On one hand, the majority's conclusion is old hat: that a condemnor may throw out the baby with the bathwater has been a part of redevelopment takings since at least Berman v. Parker, 348 U.S. 26 (1954), the case in which the U.S. Supreme Court held that a non-blighted store could be taken as part of a larger redevelopment project designed to remedy urban blight. The Court reached this conclusion by equating the power of eminent domain with the police power, and by characterizing the non-blighted properties as a part of the problem, even if they were not dilapidated. See id. at 35 ("The experts concluded that, if the community were to be healthy, if it were not to revert again to a blighted or slum area, as though possessed of a congenital disease, the area must be planned as a whole. It was not enough, they believed, to remove existing buildings that were insanitary or unsightly.").
Had the Goldstein court simply adopted Berman's rationale and applied it to the New York Constitution's takings clause, the opinion would not be particularly unusual.
The Goldstein majority, however, did not hold that the Atlantic Yards taking could condemn blighted as well as nonblighted properties, but concluded that courts must accept an agency's determination that a parcel is in fact blighted. The court's total deference to the stated reasons for a taking establishes a standard so minimal, it is doubtful that even the majority in Kelo v. City of New London, 545 U.S. 469 (2005) would likely accept it.
At least two state courts -- the District of Columbia and Hawaii -- have viewed the Fifth Amendment and Kelo as requiring substantial deference to a legislative determination that a class of uses is a public use, but reserving for judicial review under the the Public Use Clause the question of whether a particular use or purpose is in fact the reason for a taking. See Franco v. Nat'l Capital Revitalization Corp., 903 A.2d 160, 169 n.8 (D.C. 2007) ("appply[ing] the decision of the Kelo majority, written by Justice Stevens," a claim of pretext should be taken seriously and a court has the power of judicial review); County of Hawaii v. C&C Coupe Family Ltd. P'ship, 198 P.3d 615, 644 (Haw. 2008) ("However, both [Haw. Hous.
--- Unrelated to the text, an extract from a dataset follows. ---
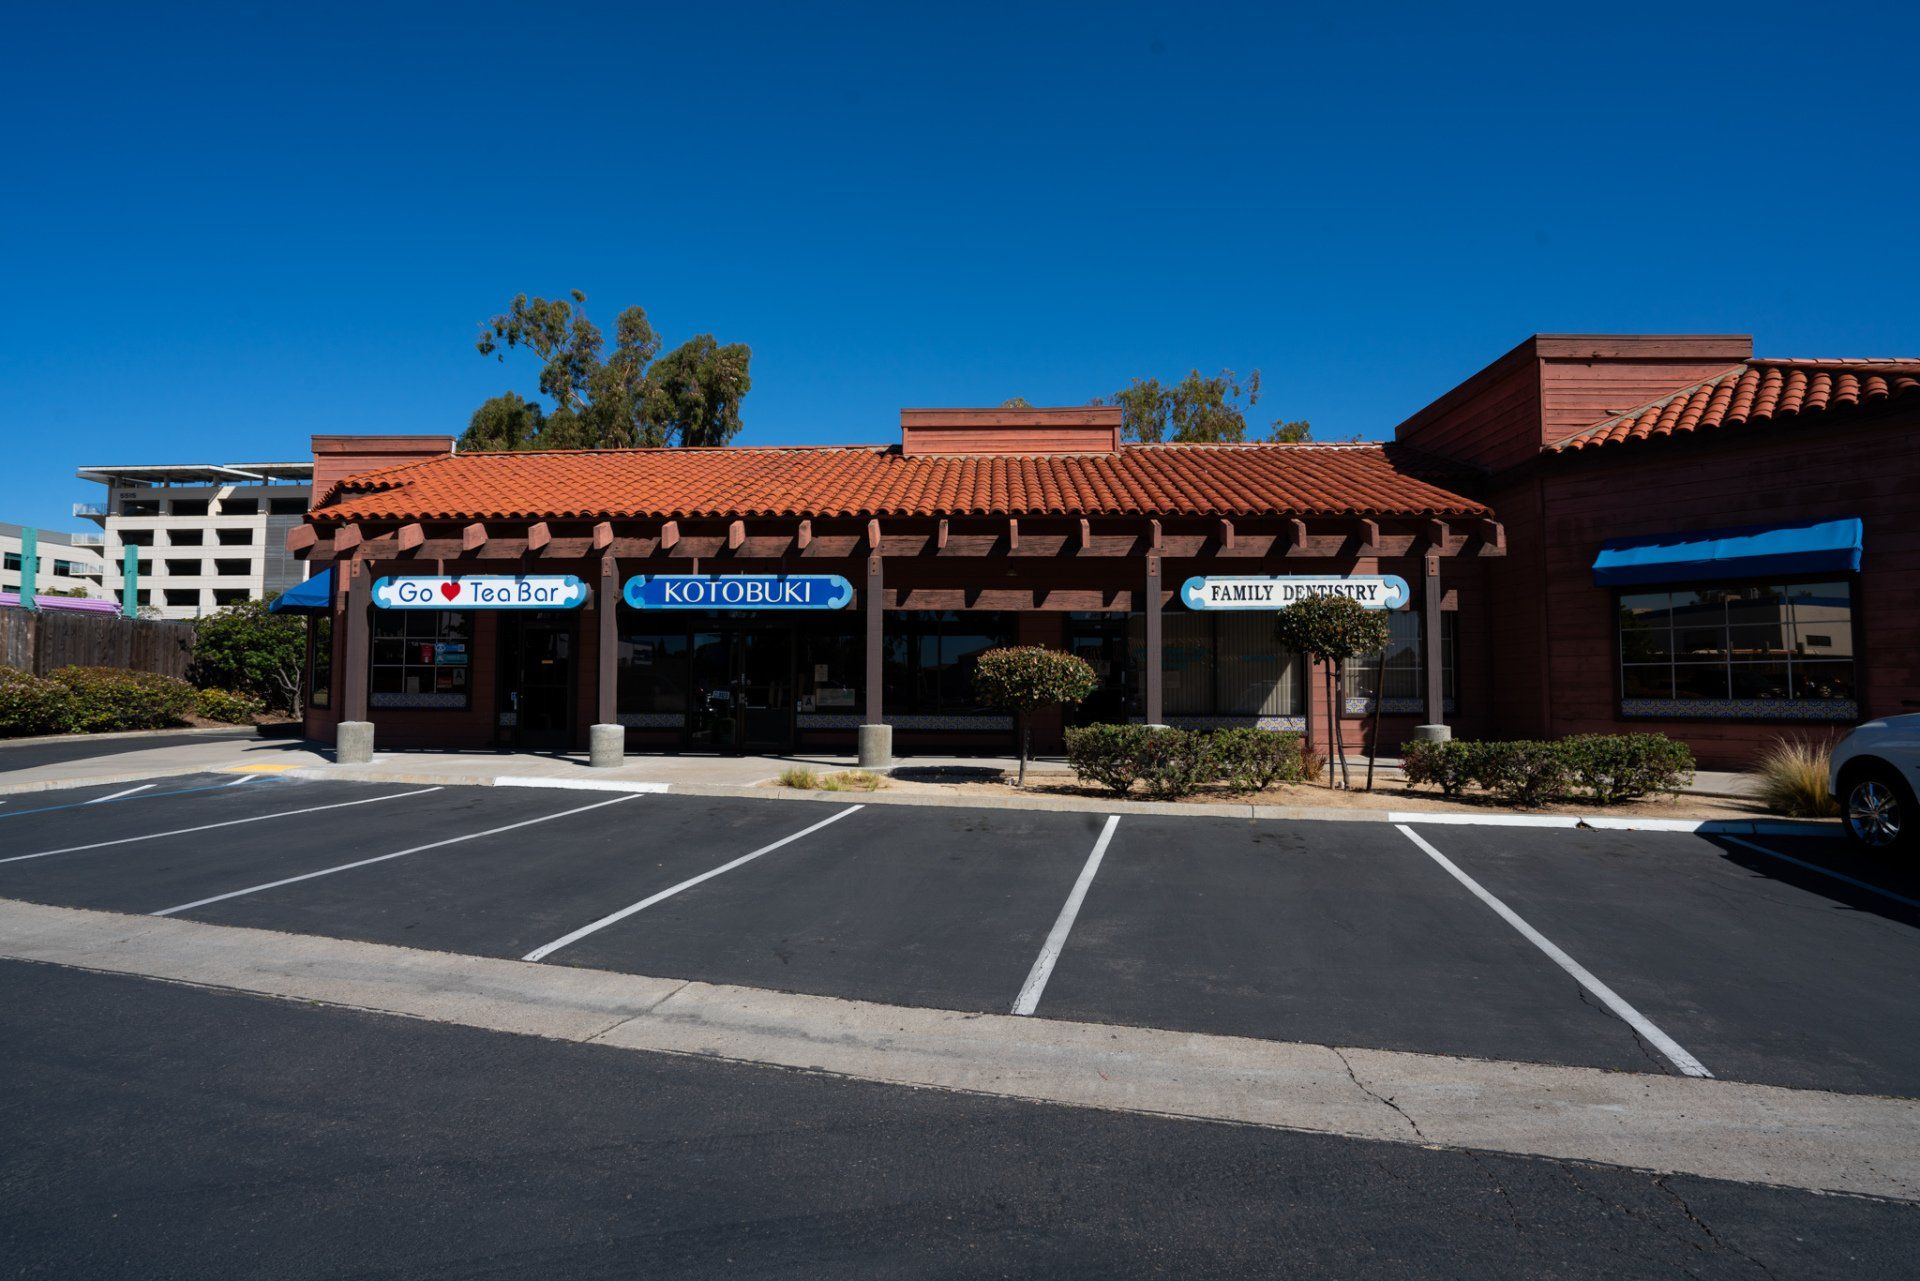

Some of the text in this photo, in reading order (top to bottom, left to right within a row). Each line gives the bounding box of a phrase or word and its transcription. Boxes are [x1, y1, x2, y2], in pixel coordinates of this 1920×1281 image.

[399, 581, 559, 602] Go Tea Bar
[665, 581, 811, 602] KOTOBUKI
[1211, 585, 1378, 601] FAMILY DENTISTRY
Auth. v.] Ajimine[, 39 Haw. 543, 550 (Terr. 1952)] and Kelo make it apparent that, although the government's stated purpose is subject to prima facie acceptance, it need not be taken at face value where there is evidence that the stated purpose may be pretextual."). [Disclosure: we represent the property owners in the Coupe cases.].
These cases stand somewhat apart from other post-Kelo decisions which hold that the public use clause in a state constitution provides greater protection to property owners than does the Fifth Amendment. See, e.g., City of Norwood v. Horney, 853 N.E. 1115 (Ohio 2006) (economic development alone will not support a taking under the Ohio Constitution); County of Wayne v. Hathcock, 684 N.W.2d 765 (Mich. 2004) (same, under the Michigan Constitution's public use clause). Both Franco and Coupe concluded that the Fifth Amendment and the majority opinion in Kelo require meaningful judicial review.
Thus, the Goldstein majority's assertion that judges have virtually no role in reviewing claims that property is blighted arguably falls below even Kelo's standard, and reminds us of Hartman's unctuous, insincere cave man:
Ladies and gentlemen of the jury...I'm just a cave man. I fell in some ice and later got thawed out by some of your scientists.
Your world frightens and confuses me!
Sometimes, the honking horns of your traffic make me want to get out of my BMW and run off into the hills, or whatever. Sometimes when I get a message on my fax machine I wonder: did little demons get inside and type it?
I don't know! My primitive mind can't grasp these concepts.
The minds of New York judges may not be able to grasp what "substandard and insanitary" property looks like, but it seems like a lot of other minds can.